Пятнадцати лѣтъ отъ роду мы всѣ начали "страдать". Это -- совершенно своеобразное выраженіе, почти не поддающееся объясненію. Оно укоренилось среди всѣхъ мальчишекъ нашего города, переходящихъ отъ дѣтства къ юности, и самой частой фразой при встрѣчѣ двухъ "фрайеровъ" (тоже южное арго) было:
-- Дрястуй, Сережка. За кѣмъ ты стрядаешь?
-- За Маней Огневой. А ты?
-- А я еще ни за кѣмъ.
-- Ври больше. Что же ты дрюгу боишься сказать, чтолича?
-- Да минѣ Катя Капитанаки очень привлекаетъ.
-- Врешь?
-- Накарай минѣ Господь.
-- Ну, значитъ, ты за ней стрядаешь.
Уличенный въ сердечной слабости, "страдалецъ за Катей Капитанаки" конфузится и для сокрытія прелестнаго полудѣтскаго смущенія загибаетъ трехъэтажное ругательство.
Послѣ этого оба друга идутъ пить бузу за здоровье своихъ избранницъ.
Это было время, когда Страшный Мальчикъ превратился въ Страшнаго Юношу. Фуражка его попрежнему вся пестрѣла противоестественными изломами, поясъ спускался чуть не на бедра (необъяснимый шикъ), а блуза верблюжьимъ горбомъ выбивалась сзади изъ-подъ пояса (тотъ же шикъ); пахло отъ Юноши табакомъ довольно ѣдко .
Страшный Юноша, Аптекаренокъ, переваливаясь, подошелъ ко мнѣ на тихой вечерней улицѣ и спросилъ своимъ тихимъ, полнымъ грознаго величія, голосомъ:
-- Ты чиво тутъ дѣлаешь, на нашей улицѣ?
-- Гуляю... -- отвѣтилъ я, почтительно пожавъ протянутую мнѣ въ видѣ особаго благоволенія руку.
-- Чиво жъ ты гуляешь?
-- Да такъ себѣ.
Онъ помолчалъ, подозрительно оглядывая меня.
-- А ты за кѣмъ стрядаешь?
-- Да не за кѣмъ.
-- Ври!
-- Накарай меня Госп...
-- Ври больше! Ну? Не будешь же ты здря (тоже словечко) шляться по нашей улицѣ. За кѣмъ стрядаешь?
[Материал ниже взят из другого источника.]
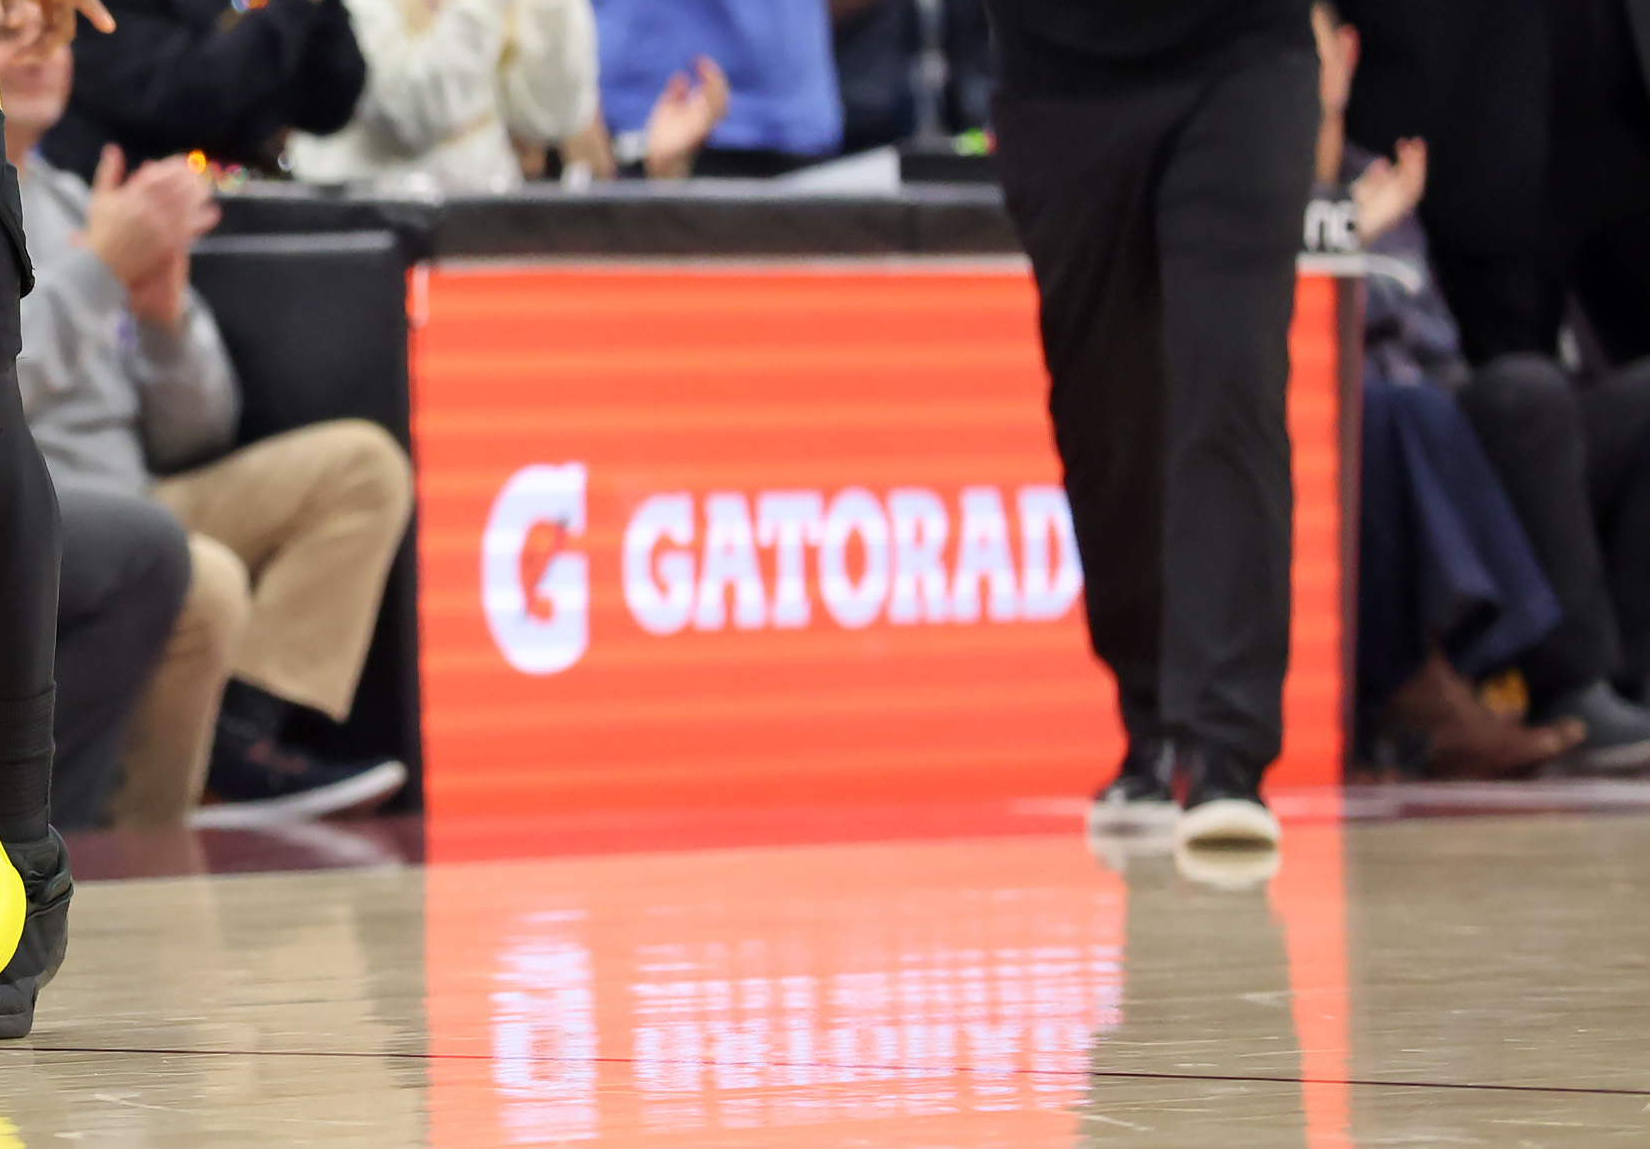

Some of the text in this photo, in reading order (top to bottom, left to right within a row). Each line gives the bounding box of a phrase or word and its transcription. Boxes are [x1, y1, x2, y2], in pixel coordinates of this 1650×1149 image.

[1302, 198, 1361, 251] nc
[481, 461, 1085, 676] G GATORAD
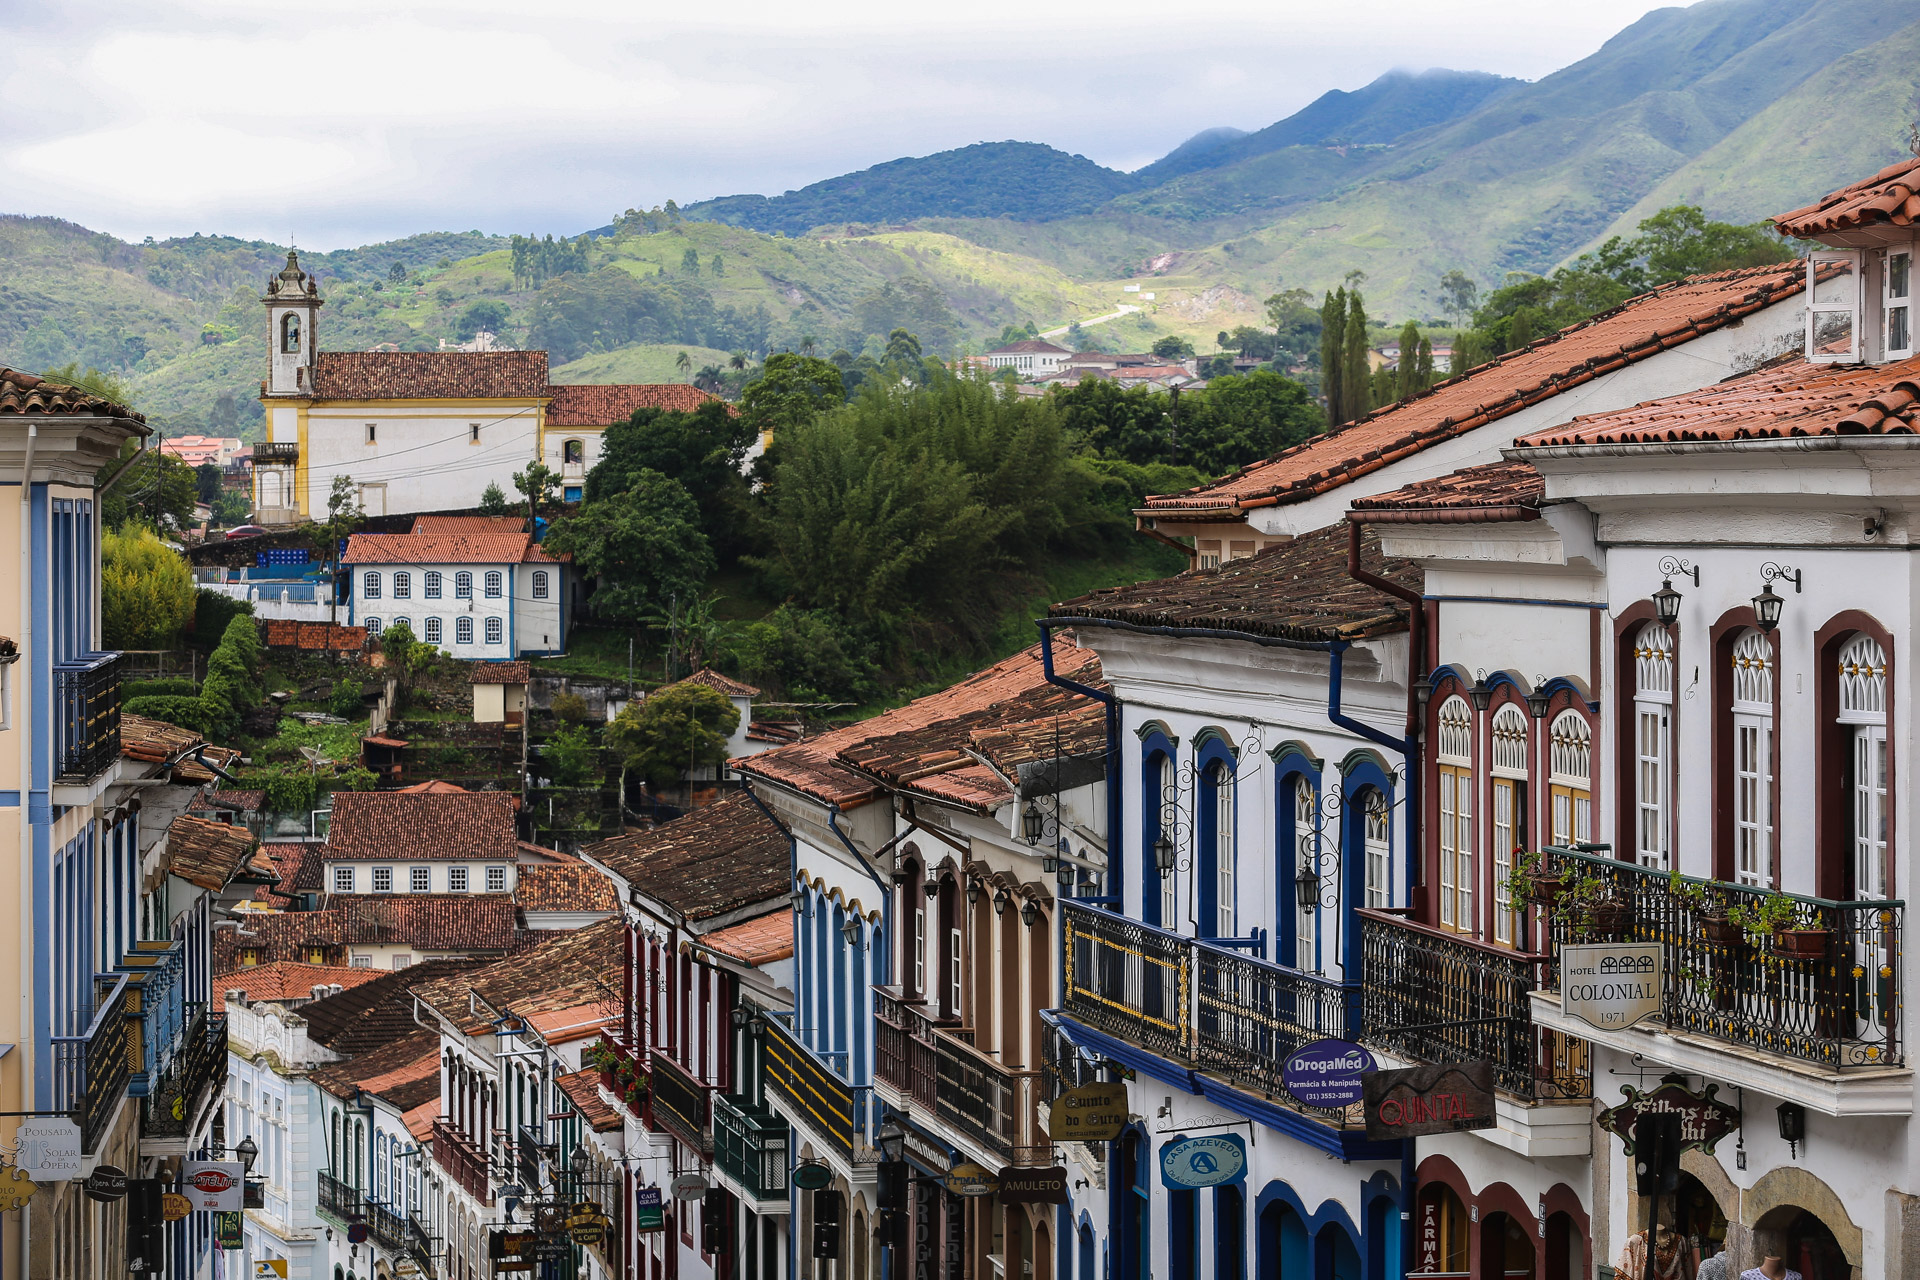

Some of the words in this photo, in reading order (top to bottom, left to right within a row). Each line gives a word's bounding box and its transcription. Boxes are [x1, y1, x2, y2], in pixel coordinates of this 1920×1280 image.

[1570, 967, 1597, 975] HOTEL
[1570, 983, 1656, 1001] COLONIAL
[1600, 1012, 1625, 1023] 1971
[1295, 1057, 1362, 1074] DrogaMed
[1289, 1080, 1320, 1088] Farmácia
[1329, 1079, 1362, 1088] Manipulaç
[1065, 1095, 1111, 1108] Quinto
[1379, 1093, 1475, 1127] QUINTAL
[1703, 1106, 1722, 1120] de
[1065, 1114, 1079, 1126] do
[1086, 1112, 1120, 1126] Ouro
[1453, 1115, 1492, 1129] BISTRÔ
[24, 1127, 74, 1136] POUSADA
[1066, 1129, 1109, 1137] restaurante
[46, 1148, 77, 1157] SOLAR
[1166, 1143, 1190, 1165] CASA
[1192, 1139, 1240, 1158] AZEVEDO
[40, 1158, 78, 1169] ÓPERA
[185, 1174, 240, 1188] SATÉLITE
[1004, 1180, 1061, 1191] AMULETO
[163, 1197, 184, 1208] TICA
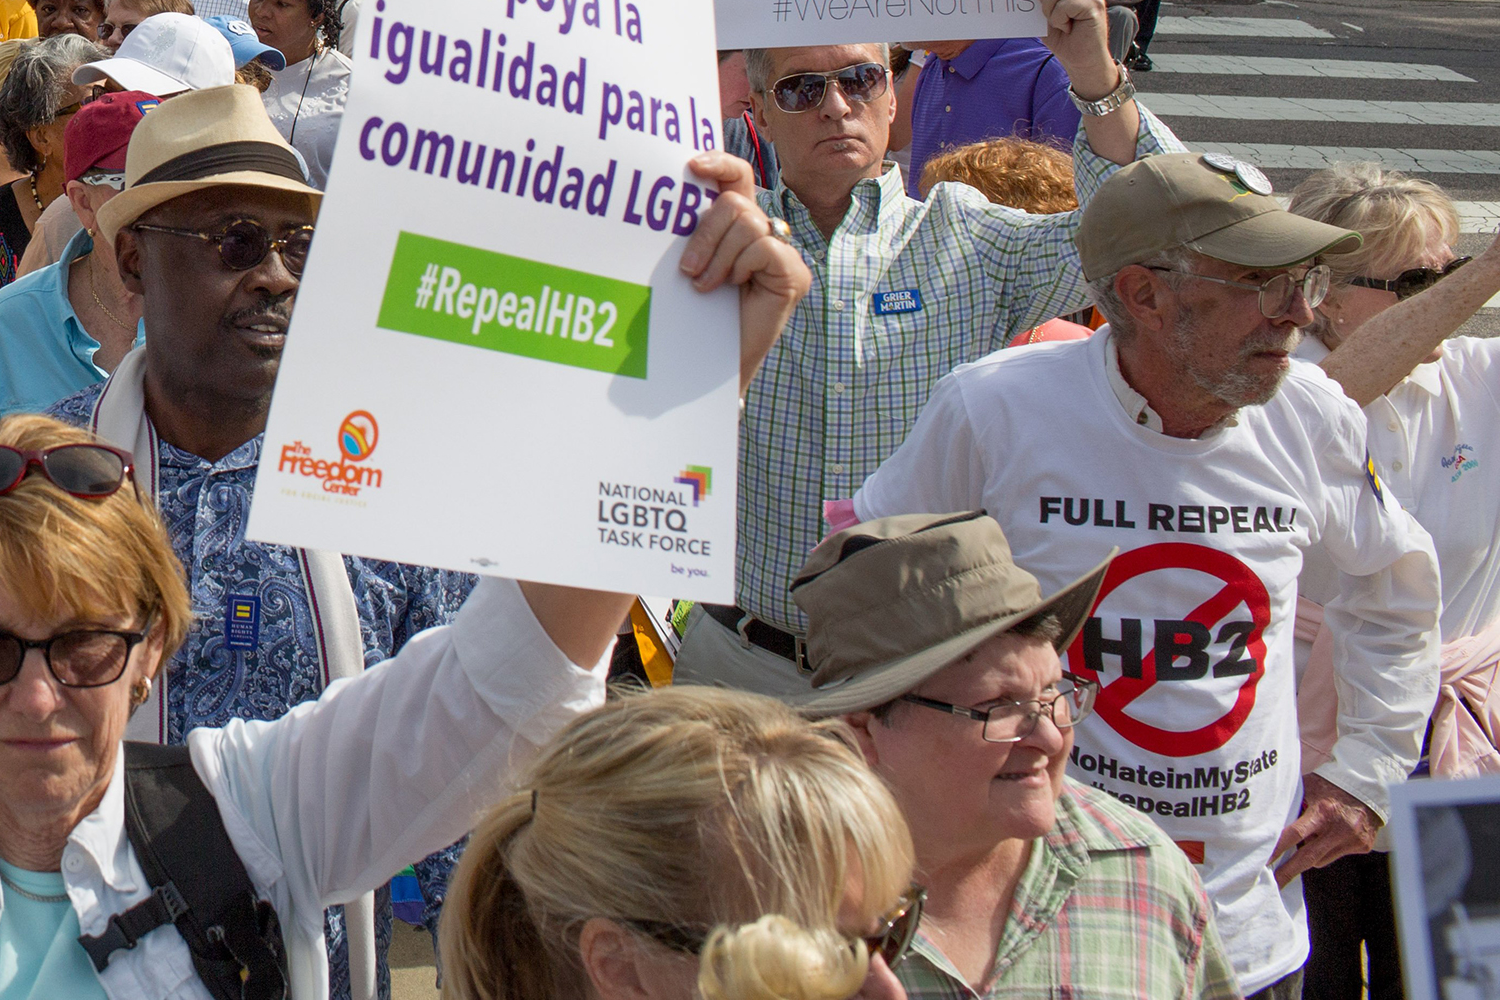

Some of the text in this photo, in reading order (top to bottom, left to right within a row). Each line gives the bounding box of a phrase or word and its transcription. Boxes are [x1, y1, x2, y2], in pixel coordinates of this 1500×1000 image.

[599, 81, 682, 145] para
[689, 96, 717, 152] la
[359, 115, 618, 218] comunidad
[415, 261, 618, 347] #RepealHB2
[880, 300, 916, 311] MARTIN
[883, 291, 911, 302] GRIER
[292, 440, 311, 457] The
[278, 445, 383, 489] Freedom
[322, 478, 362, 497] Center
[598, 481, 688, 507] NATIONAL
[597, 500, 688, 533] LGBTQ
[1039, 496, 1297, 534] FULL REPEAL!
[597, 527, 712, 557] TASK FORCE
[670, 562, 687, 576] be
[1083, 617, 1258, 681] HB2
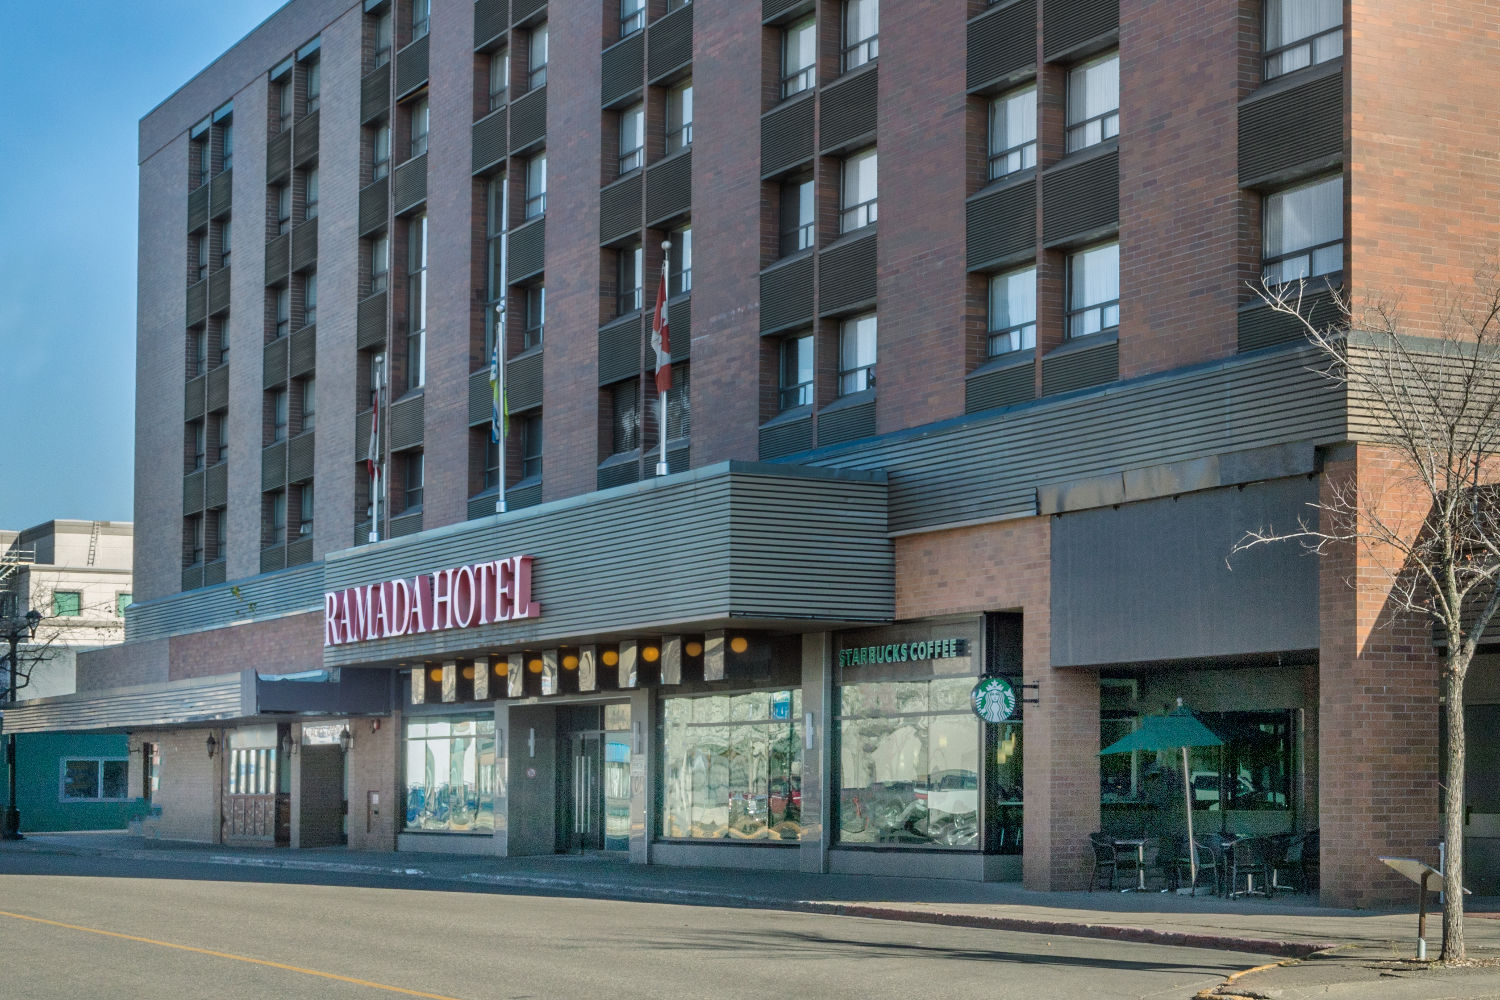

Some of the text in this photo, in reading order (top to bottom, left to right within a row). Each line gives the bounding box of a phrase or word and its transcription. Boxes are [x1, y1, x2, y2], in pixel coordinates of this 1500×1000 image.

И тутъ сердце мое сладко сжалось, когда я выдалъ свою сладкую тайну:
-- За Кирой Костюковой. Она сейчасъ послѣ ужина выйдетъ.
-- Ну, это можно.
Онъ помолчалъ. Въ этотъ теплый нѣжный вечеръ, напоенный грустнымъ запахомъ акацій, тайна распирала и его мужественное сердце. Помолчавъ спросилъ:
-- А ты знаешь, за кѣмъ я стрядаю?
-- Нѣтъ, Аптекаренокъ, -- ласково сказалъ я.
-- Кому Аптекаренокъ, а тебѣ дяденька, -- полушутливо, полусердито проворчалъ онъ. -- Я, братецъ ты мой, страдаю теперь за Лизой Евангопуло. А раньше я стрядалъ (произносить я вмѣсто а -- былъ тоже своего рода шикъ) за Маруськой Королькевичъ. Здорово, а? Ну, братъ, твое счастье. Если бы ты что-нибудь думалъ насчетъ Лизы Евангопуло, то...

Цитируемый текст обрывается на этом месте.